Tackle those dirty floors with these 11 types of mops.

Mops seem like simple inventions, but they’ve only been around for a little more than 100 years. The first mop was invented in 1893 (1). But the modern mop that includes a function to wring the mop dry so we don’t have to do it by hand was only invented in 1950.

Since then, mops have come a long way. Today, we have 11 different types of mops to choose from. We have a lot of options when it comes to cleaning our floors.

This article will help you find your perfect mop match so you no longer dread this household chore.

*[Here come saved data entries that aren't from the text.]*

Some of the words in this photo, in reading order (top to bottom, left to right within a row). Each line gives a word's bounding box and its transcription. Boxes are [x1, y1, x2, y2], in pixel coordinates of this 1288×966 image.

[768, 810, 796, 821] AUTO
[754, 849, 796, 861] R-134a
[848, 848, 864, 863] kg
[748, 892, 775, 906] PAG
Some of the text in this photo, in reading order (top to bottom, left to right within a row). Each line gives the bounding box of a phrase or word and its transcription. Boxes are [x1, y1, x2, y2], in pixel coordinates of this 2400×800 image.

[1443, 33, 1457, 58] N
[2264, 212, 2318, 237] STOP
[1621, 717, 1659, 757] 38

11 Different Types Of Mops Compared

Mops come in lots of different shapes, sizes, and styles. For every person, there’s a couple of mop types that will work better for them than others will. We’ll help find a good mop match for you with this comprehensive list.

1. Flat Mops

Woman mopping living room floor

If you have vinyl or hardwood flooring, a flat mop is a good type of mop for you because they don’t use too much water. The last thing you want to do to your lovely flooring is ruin it with your mop.

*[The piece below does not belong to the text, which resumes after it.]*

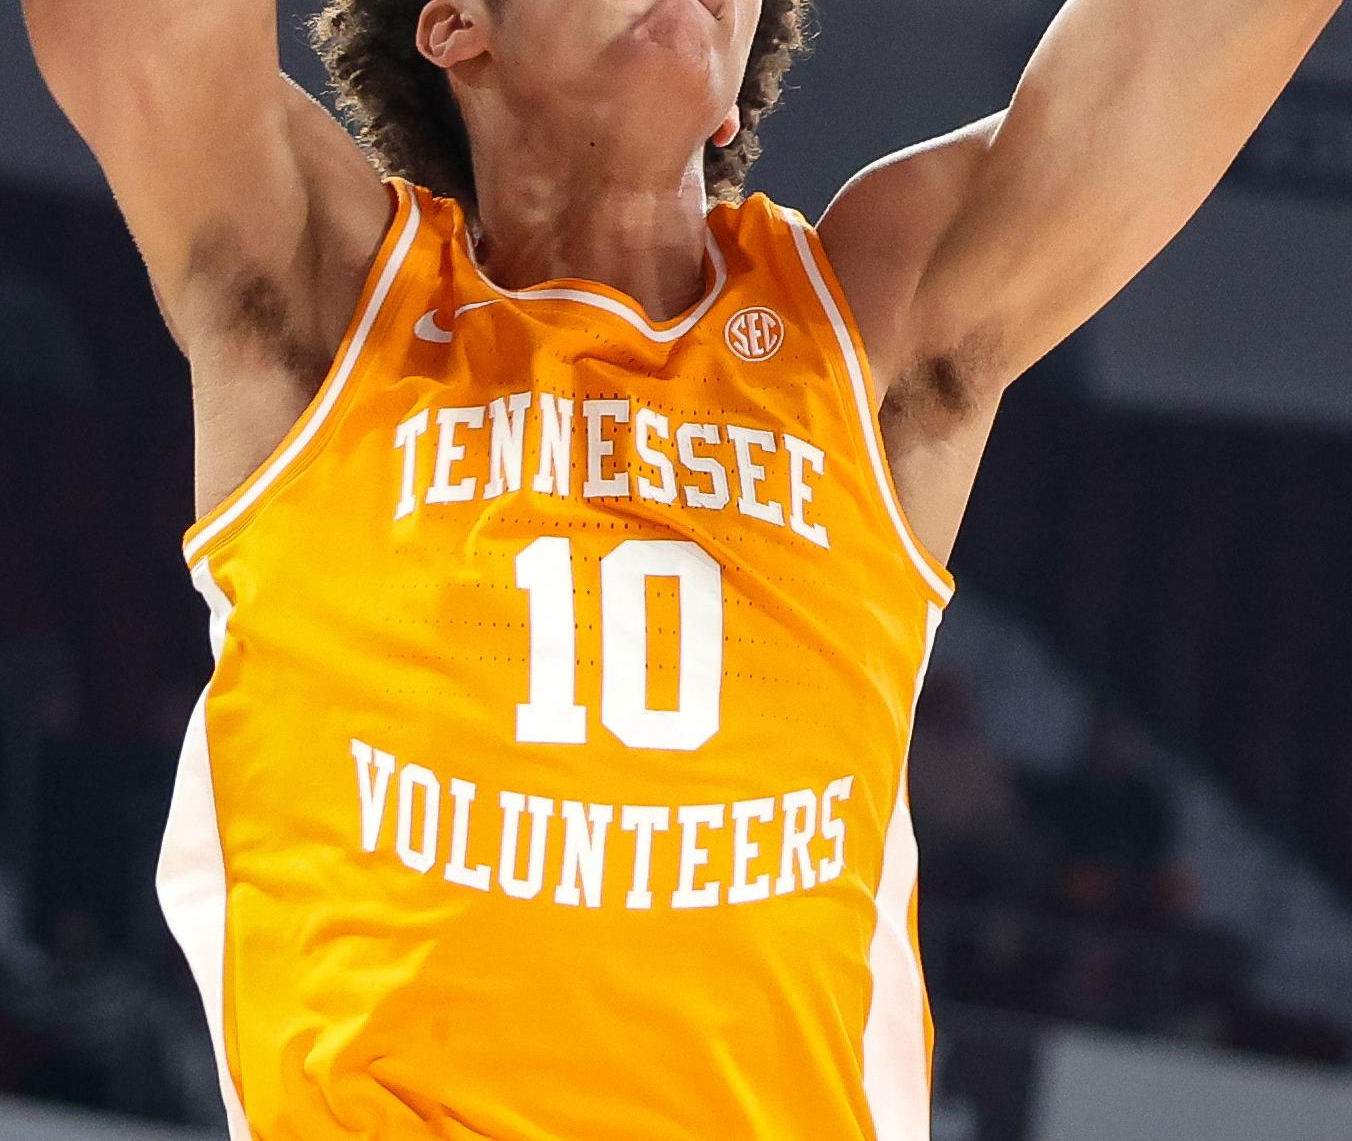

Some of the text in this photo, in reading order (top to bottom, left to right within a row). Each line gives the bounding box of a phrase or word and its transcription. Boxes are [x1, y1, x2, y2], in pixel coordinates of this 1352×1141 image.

[730, 312, 778, 356] SEC
[394, 390, 831, 550] TENNESSEE
[514, 536, 724, 751] 10
[350, 738, 854, 910] VOLUNTEERS

Flat mops are easy to use because of their slender shape. They can fit into small nooks, crannies, and corners. Some have removable heads that can be cleaned in your washing machine.


  • 360-degree rotation.
  • Wet and dry cleaning.
  • Removable head, making it easy to clean.
  • Good for small spaces.


  • Small, so not ideal for large areas.

Product Specs

Type Wet, Dry
Cleaning Purpose Stains, Dust, Dirt
Type of Surface Hard floors, Vinyl, Hardwood
Price $$

2. Sponge Mops

Sponge mop cleaning floor

If you’re clumsy and spill your juice, soup, or cereal, then a sponge mop is a great choice. It’s super-absorbent, so it’s ideal for all types of spills.

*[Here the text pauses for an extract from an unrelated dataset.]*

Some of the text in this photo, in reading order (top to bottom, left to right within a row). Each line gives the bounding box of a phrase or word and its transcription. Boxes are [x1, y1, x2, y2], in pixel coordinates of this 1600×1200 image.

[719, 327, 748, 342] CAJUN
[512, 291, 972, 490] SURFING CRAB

Sponge mops are just a sponge on the end of a mop handle. It’s easy to scrub away a spot of dirt with this type of mop.


  • Highly absorbent.
  • You can use each sponge for a while before replacing it.
  • Easy to use.
  • Good for hard-to-reach places.
  • Most types come with an extendable handle.


  • Doesn’t glide across floors as well as other types of mops.
  • Gets heavier as it absorbs liquid.

Product Specs

Type Wet
Cleaning Purpose Spills, Stains
Type of Surface Hard floors, Tile, Laminate
Price $$

3. Dust Mops

Woman Cleaning Staircase With Dust Mop

A dust mop is exclusively for cleaning dust. It’s a great type of mop to pair with a wet mop. Before you wet clean your floor, you can use your dust mop to remove dust and trash from the ground or from a ceiling fan’s blades up above.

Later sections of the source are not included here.